For continued operational excellence, you need to learn, share knowledge, and strive for continuous improvement. Schedule work cycles to continuously make minor improvements. After an incident, analyze all events that affect the customer. Identify the contributing factors and preventive measures to limit or prevent repetition. Share the contributing factors with affected communities as needed. Assess and prioritize opportunities for improvement at regular intervals (e.g. requests for features, resolving problems, compliance requirements), including workload and operating procedures. Include feedback loops in your procedures in order to quickly find out about opportunities for improvement and to document feedback from practical operations.

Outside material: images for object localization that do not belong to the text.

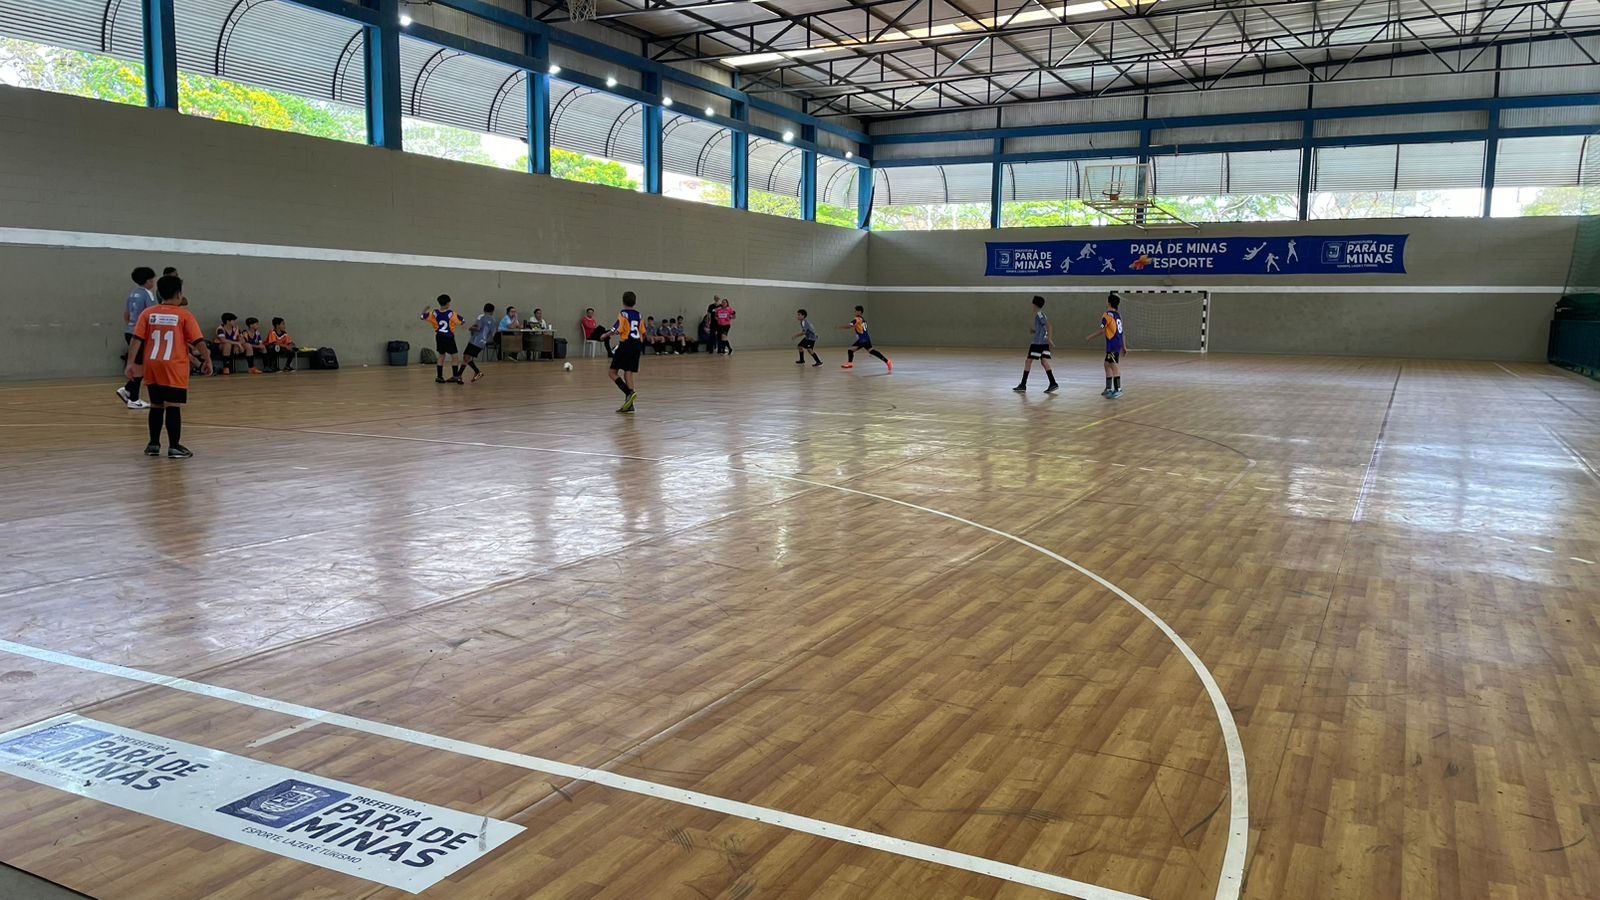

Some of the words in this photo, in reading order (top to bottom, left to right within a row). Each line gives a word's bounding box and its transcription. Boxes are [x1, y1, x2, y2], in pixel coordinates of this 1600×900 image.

[1015, 249, 1039, 260] PARÁ
[1040, 252, 1052, 260] DE
[1130, 241, 1163, 254] PARÁ
[1167, 243, 1183, 254] DE
[1186, 242, 1228, 254] MINAS
[1346, 241, 1377, 253] PARÁ
[1379, 244, 1394, 253] DE
[1014, 260, 1052, 270] MINAS
[1153, 257, 1214, 269] ESPORTE
[1346, 253, 1393, 264] MINAS
[438, 320, 449, 333] 2
[630, 320, 640, 339] 5
[150, 329, 174, 361] 11
[82, 740, 178, 767] PARÁ
[154, 758, 210, 778] DE
[47, 751, 176, 791] MINAS
[351, 795, 422, 818] PREFEITURA
[322, 802, 433, 837] PARÁ
[416, 826, 479, 850] DE
[282, 837, 314, 850] LAZER
[319, 848, 362, 864] TURISMO
[286, 816, 448, 868] MINAS

Share the things you learn with other teams so that everyone can benefit. Examine whether your new insights might be trending, and retrospectively conduct cross-team analyzes of operational metrics to identify opportunities and methods for improvement. Implement changes that will lead to improvements and assess their results.

In AWS, you can export your log data to Amazon S3 or send logs directly to Amazon S3 for long-term storage. With AWS Glue, you can explore and prepare your historical data in Amazon S3 for analysis and store the associated metadata in the AWS Glue data catalog. Amazon Athena can then be used to parse your historical data and queries using standard SQL through native integration with Glue. With a business intelligence tool like Amazon QuickSight, you can visualize, examine, and analyze your data. Identify trends and events that can lead to improvement.

The following questions deal with these considerations (lower column).

The foundation for a successful further development of the company is constant minor improvements, the provision of safe environments and time frames for experimentation, development and testing of improvements, and the creation of an environment in which everyone is encouraged to learn from mistakes. The operational support for sandbox, development, test and production environments, with increasing levels of operational control, facilitates development and increases the predictability that changes will lead to successful results.